How did “The List” arrive to you? What challenges did it present for you? Anything surprise you while writing it?
These days people talk so much about whether a given celebrity is A-list or B-list. Whether you’re top-of-mind or inner-circle or hot or not is a really big deal. Such lists exist in every industry, every sub-culture. They’re big money too. Whole media empires are based on buzz about who’s in and who’s out. Where the A-list people stay, where they eat, whose shoes they wear on their feet. Vast masses of consumers devour this stuff daily on the web, the tube and newsstands. My little story is based on giving a case of acute list-mania to someone who really is on nobody’s list—some minor media or entertainment guy who’s been put out to pasture and is down on his luck. In writing this piece, I was surprised and challenged by the task of believably linking my nameless nobody to famous personalities the reader would actually identify and accept as list-worthy. What’s my has-been doing here on the same page as a Wahlberg and an Affleck? Right away this meant I had to elevate him to being at least a semi-somebody. A guy with a touch of mystery about him, who did in fact rub elbows in a non-specific way with notorious figures like Mike Tyson.

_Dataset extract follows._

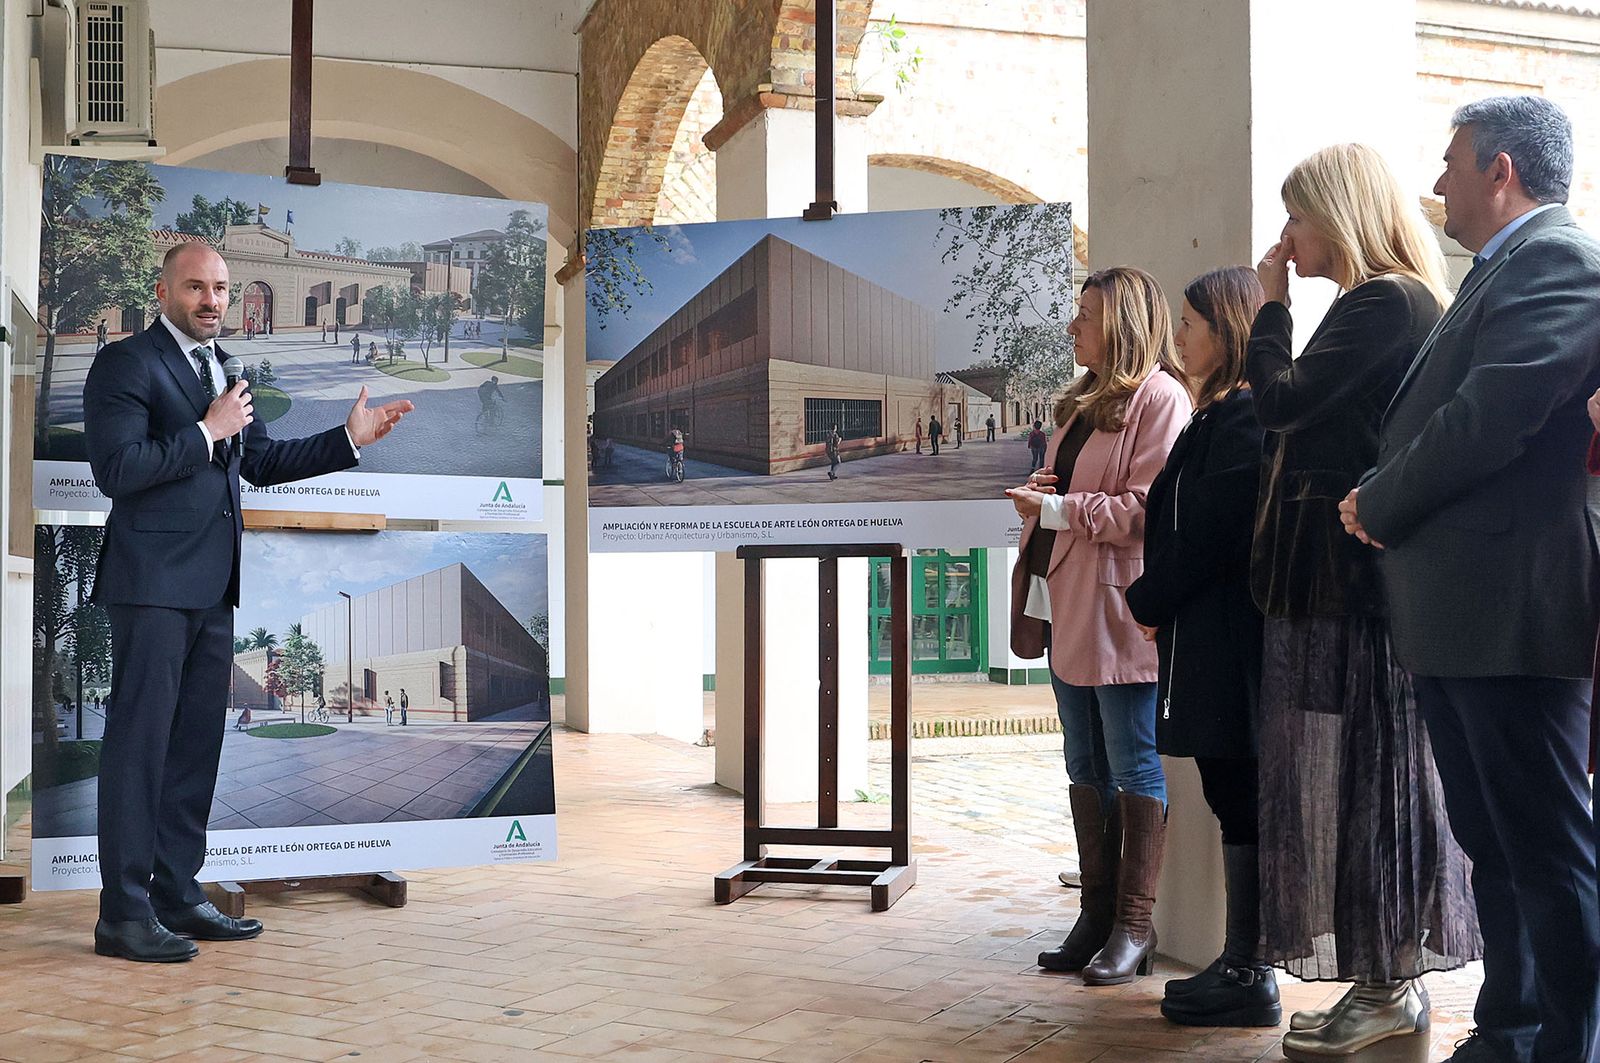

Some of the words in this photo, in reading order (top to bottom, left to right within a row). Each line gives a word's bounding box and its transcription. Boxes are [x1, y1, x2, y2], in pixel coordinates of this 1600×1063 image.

It’s hard to be funny, especially in writing. You pulled it off brilliantly here. How would you characterize “Paul Silverman” humor?
I like to think my humor is black humor, with the black being more important than the humor. You could say my hero is struggling to climb an escalator that’s forever going down. I suppose that’s funny if you’re looking down at Earth from another planet.
Was Gwendolyn always part of this story? What role do you see her playing as the flash progresses?
There could be no story without Gwendolyn. Without Gwendolyn how could anybody feel sympathy for the protagonist? He’d be a solipsist, pure and simple, and a narcissist to boot.
On what Lists can we find you?
The delinquent parking ticket list. The occasional holiday gift list. Lots of waiting lists. Nobody’s A-list.
At the recent AWP conference, a number of writers talked about their old flames, books that have influenced them during a formative time in their lives-and ones they return to for lessons in writing and, of course, life. Discuss your old flame, both what it meant to you then and what it means to you now.
My old flame isn’t a book exactly, but a play. It’s The Cherry Orchard. I see every production that comes to town. I’ve always seen it as weirdly timeless, forever relevant to everything that’s current. This is art in a big way—a genuine and complete microcosm of the lives of us all, past, present and future. So much yearning, so much striving, so much failure to seize the day—all there in a couple of hours, right before your eyes.